It’s tough to watch a loved one struggle with mental illness and know how to best be supportive. Oftentimes we might find ourselves avoiding the situation because we’re not sure what to say or do. We might feel fear about saying the wrong thing and therefore say nothing. The good news is that usually the little things are actually the most helpful.

Saying things like “Be positive” or “You have a lot to be grateful for” usually aren’t helpful even though they might be coming from a good place. It’s very likely that they’ve already thought of that and haven’t found it helpful. You can try nonjudgmental listening and asking questions about their experience to help them feel understood on a deeper level. You could even ask them what you can do that would feel supportive. If your friend thinks exercise might help, maybe you offer to exercise together. If your parent wants to try therapy, you could help them research how to find a good therapist for their specific issue. Often, we just want someone to listen when we’re struggling and don’t actually need or want help with fixing the problem.

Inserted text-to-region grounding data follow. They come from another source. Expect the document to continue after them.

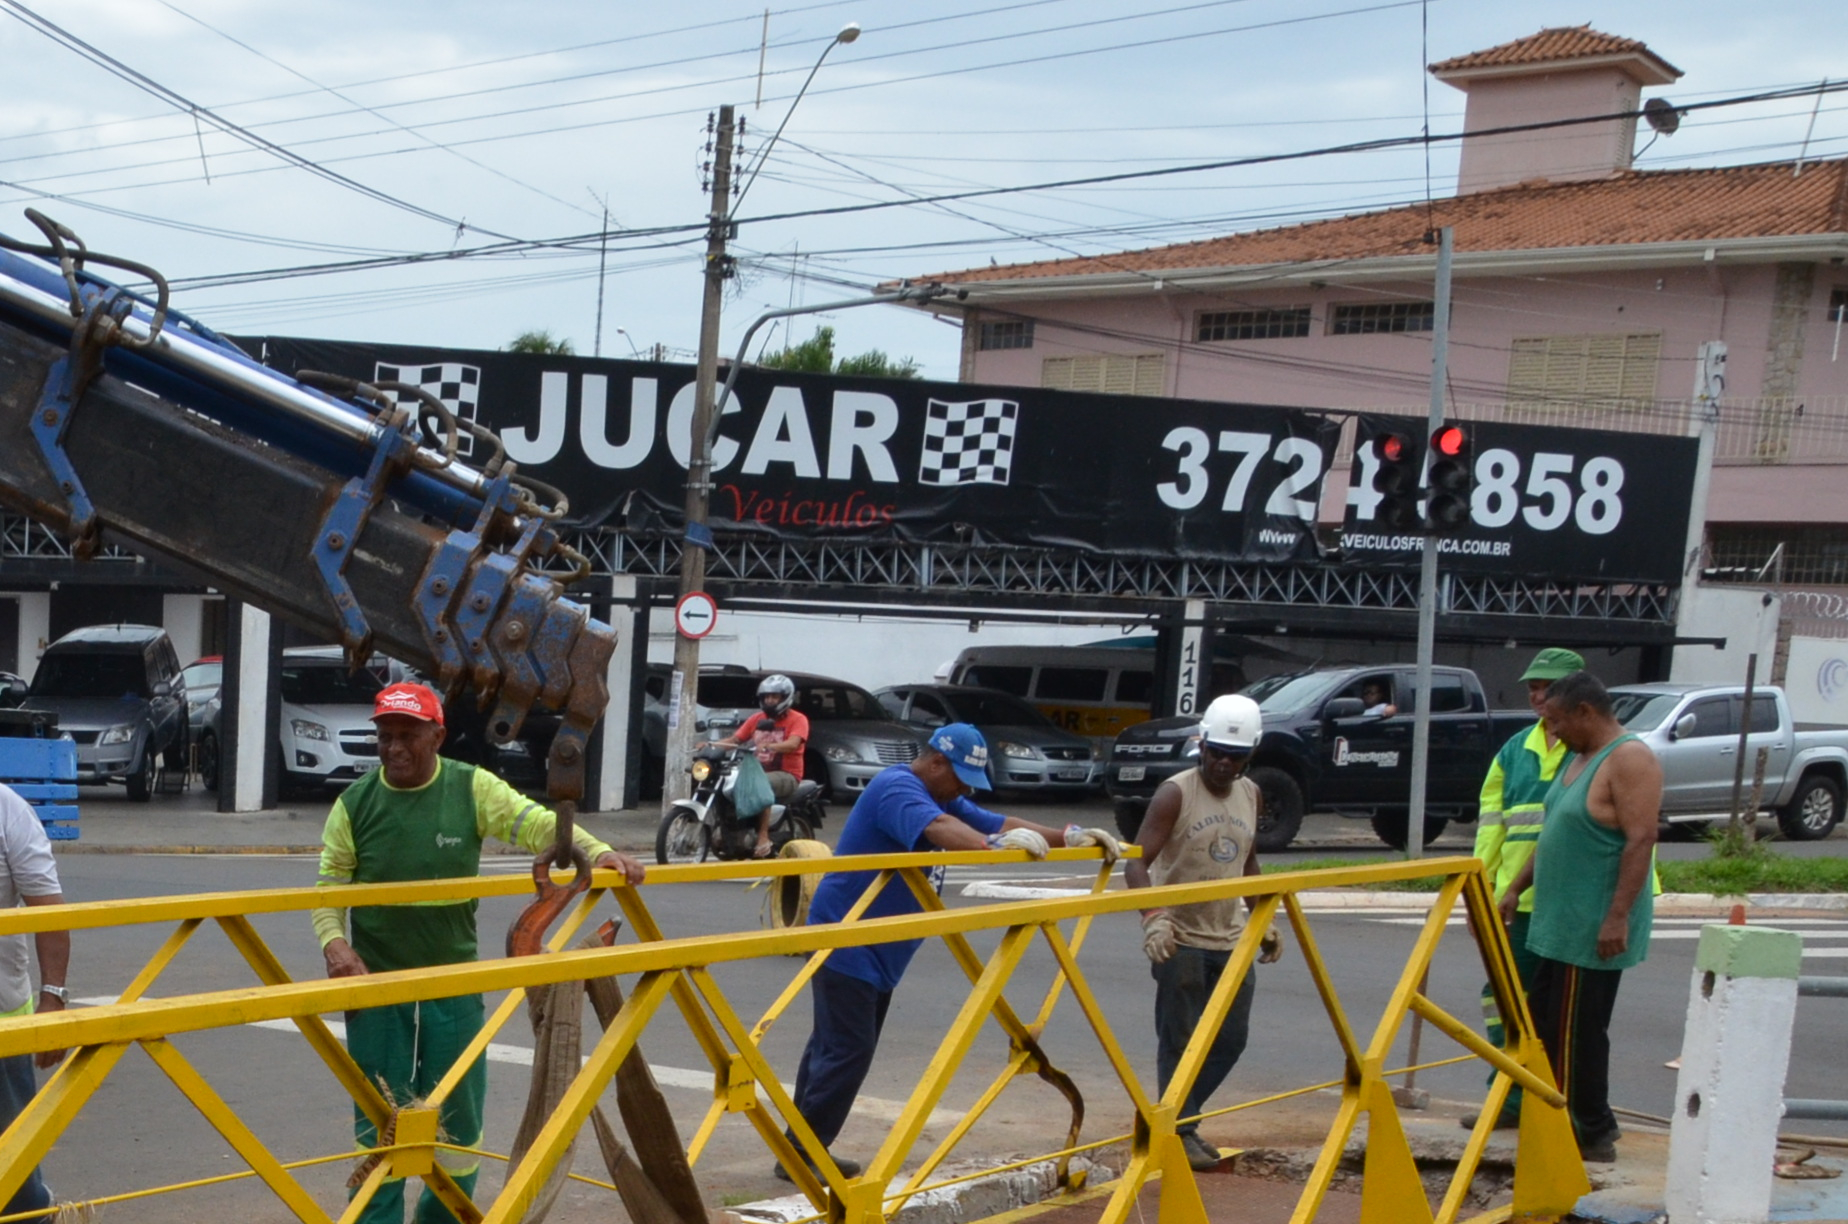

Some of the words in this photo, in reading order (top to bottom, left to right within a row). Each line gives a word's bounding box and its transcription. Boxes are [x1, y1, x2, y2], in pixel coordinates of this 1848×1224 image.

[499, 371, 900, 483] JUCAR
[1178, 640, 1197, 714] 116
[1114, 744, 1173, 753] FORD
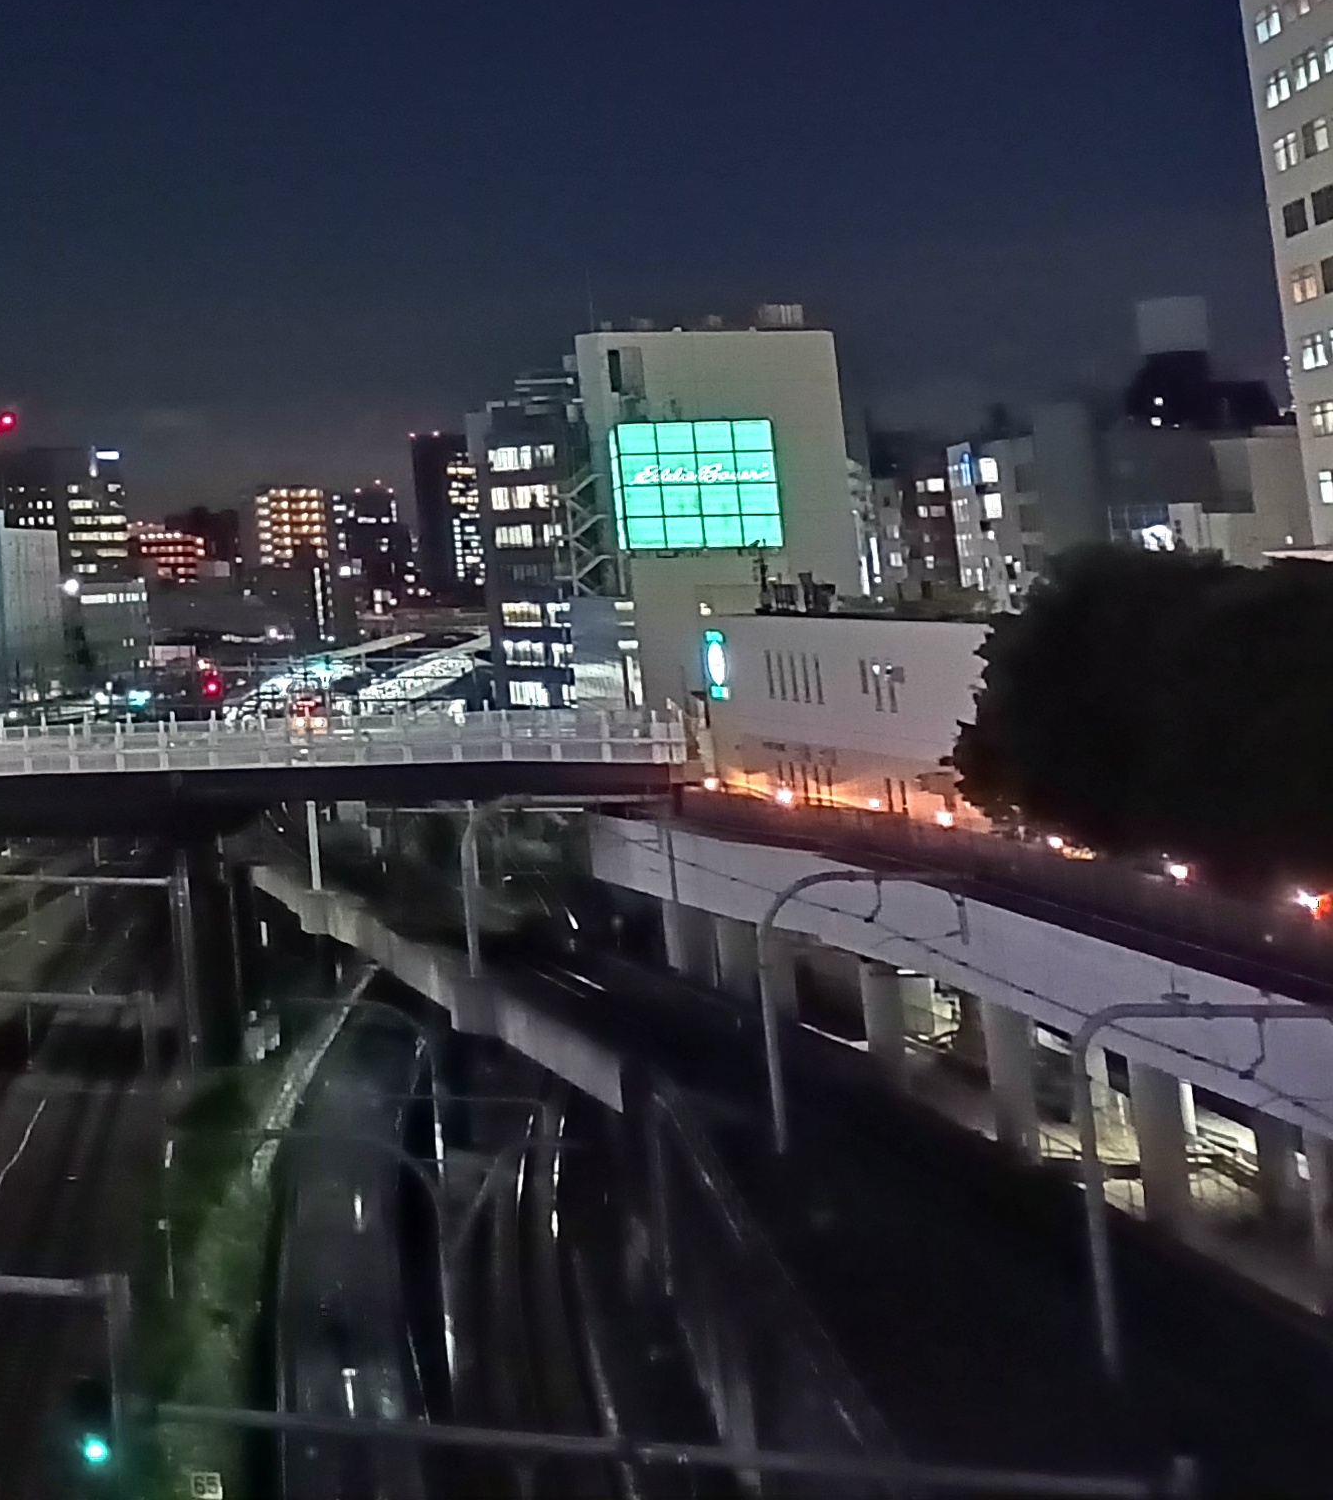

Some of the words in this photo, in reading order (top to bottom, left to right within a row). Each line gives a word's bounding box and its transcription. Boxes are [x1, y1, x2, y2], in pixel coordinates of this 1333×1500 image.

[629, 463, 697, 485] Eddie
[698, 463, 770, 483] Bauer
[194, 1475, 219, 1495] 65

Remember that they are more than their mental illness. It can be easy to focus on depression and anxiety, especially when someone is really struggling. Most people don’t want to be defined by their mental health so engage with them around other aspects of their life just as often.

Help support their self-esteem by showing trust and respect. Mental illness often damages self-esteem and you can help with this. Take the opportunity to point out qualities or behaviors you admire about them. Maybe remind them of other times they’ve overcome difficult things and tell them you trust in their ability to continue to overcome hard things.  You could even tell them explicitly how they improve your life and that you’re glad they’re in it.

Get good at setting boundaries. You can’t be of much help if you’re emotionally exhausted. Identify what people and situations make you feel drained and set firm boundaries around how much time you will engage with them. Also identify what people and situations help you feel recharged and set firm boundaries around engaging in those regularly. Remember what they say on airplanes – you need to put your own oxygen mask on so that you have the resources to help someone else with theirs.


Don’t take on too much. You can’t actually fix someone’s mental health and you’ll feel overwhelmed if you take on that kind of responsibility. You might even find it helpful to get some support for yourself from either a loved one or a professional. There’s a big difference between being supportive of someone else and taking responsibility for them and the clearer you can be able that line, the less likely to get overwhelmed you will be. By taking good care of your own mental health, you model that behavior for others and also given them permission to do the same thing for themselves.